Lelyveld, V.S., Zhang, W., Szostak, J.W.(2020) Proc Natl Acad Sci U S A 117: 7276-7283
- PubMed: 32188786 
- DOI: https://doi.org/10.1073/pnas.1922400117
- Primary Citation of Related Structures:  
6UR2, 6UR4, 6UR9, 6US5 - PubMed Abstract: 
All known polymerases copy genetic material by catalyzing phosphodiester bond formation. This highly conserved activity proceeds by a common mechanism, such that incorporated nucleoside analogs terminate chain elongation if the resulting primer strand lacks a terminal hydroxyl group. Even conservatively substituted 3'-amino nucleotides generally act as chain terminators, and no enzymatic pathway for their polymerization has yet been found. Although 3'-amino nucleotides can be chemically coupled to yield stable oligonucleotides containing N3'→P5' phosphoramidate (NP) bonds, no such internucleotide linkages are known to occur in nature. Here, we report that 3'-amino terminated primers are, in fact, slowly extended by the DNA polymerase from B. stearothermophilus in a template-directed manner.

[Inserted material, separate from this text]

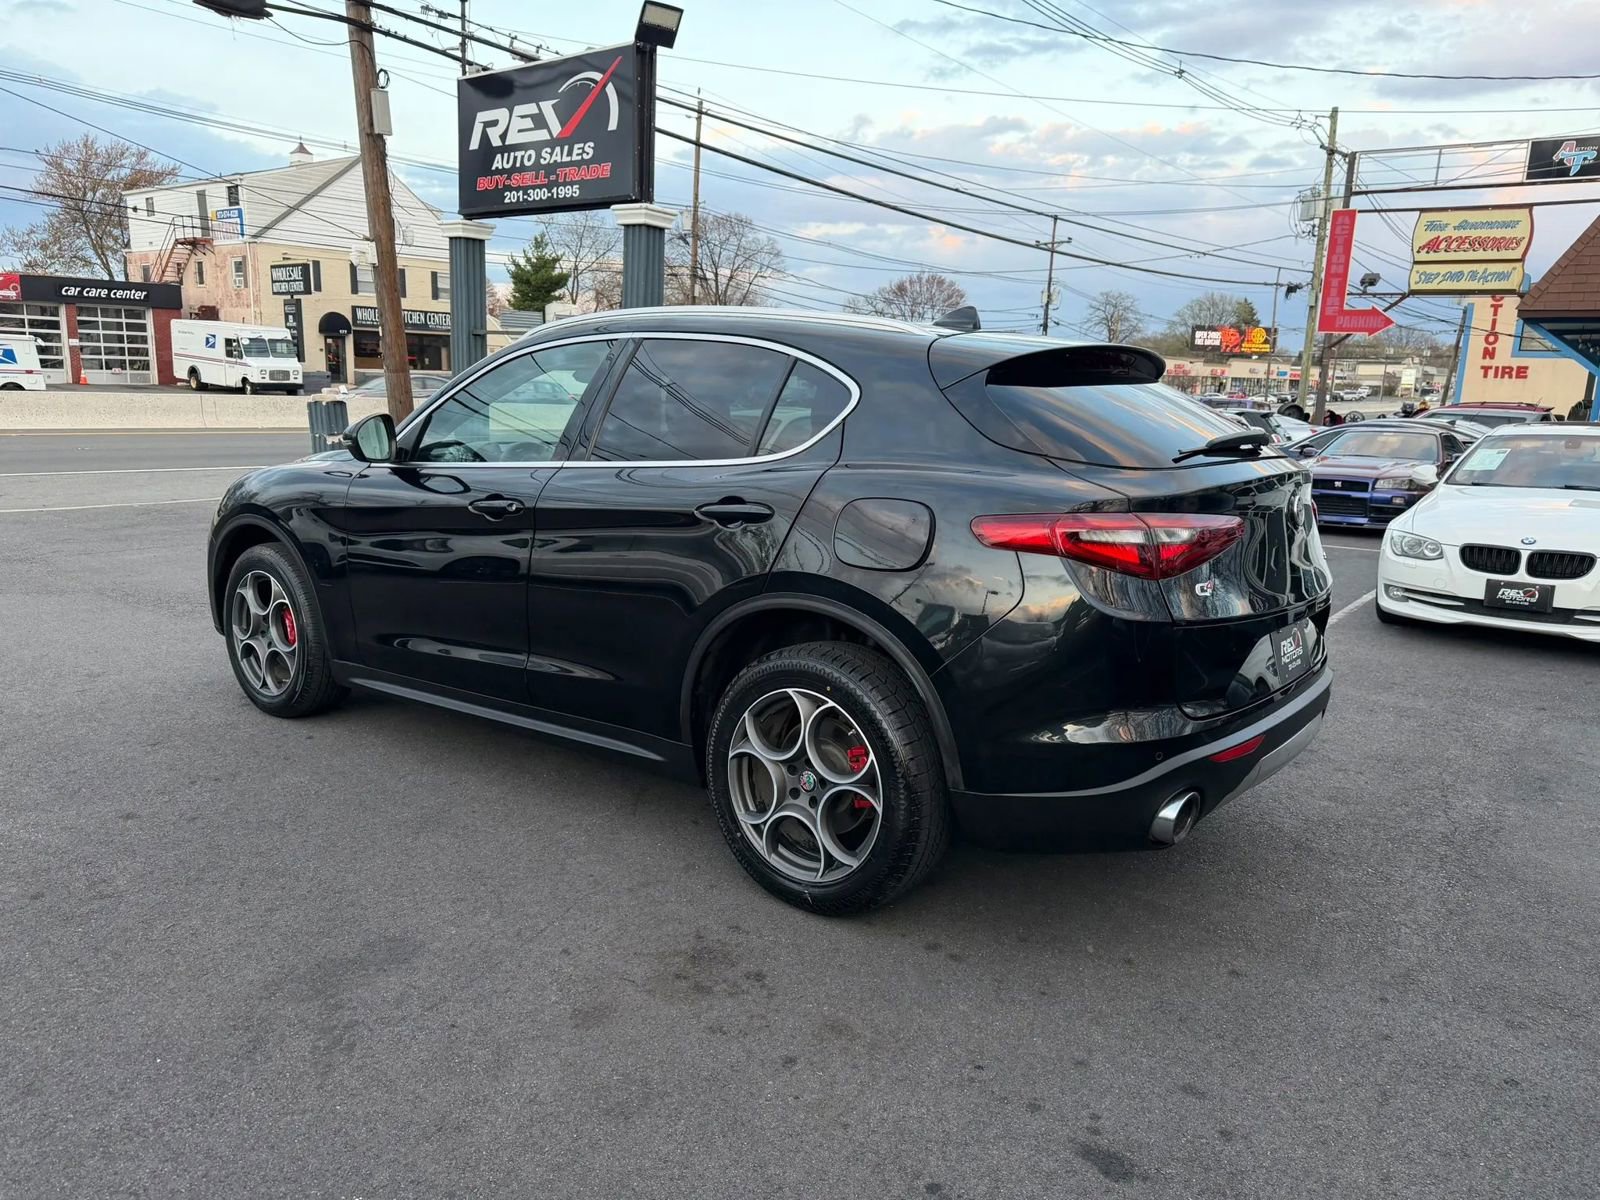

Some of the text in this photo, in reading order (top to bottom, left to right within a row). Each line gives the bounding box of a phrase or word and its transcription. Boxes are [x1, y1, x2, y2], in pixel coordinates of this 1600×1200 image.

When its cofactor is Ca 2+ rather than Mg 2+ , the reaction is fivefold faster, permitting multiple turnover NP bond formation to yield NP-DNA strands from the corresponding 3'-amino-2',3'-dideoxynucleoside 5'-triphosphates. A single active site mutation further enhances the rate of NP-DNA synthesis by an additional 21-fold. We show that DNA-dependent NP-DNA polymerase activity depends on conserved active site residues and propose a likely mechanism for this activity based on a series of crystal structures of bound complexes. Our results significantly broaden the catalytic scope of polymerase activity and suggest the feasibility of a genetic transition between native nucleic acids and NP-DNA.
Organizational Affiliation: 
Department of Molecular Biology, Center for Computational and Integrative Biology, Massachusetts General Hospital, Boston, MA 02114.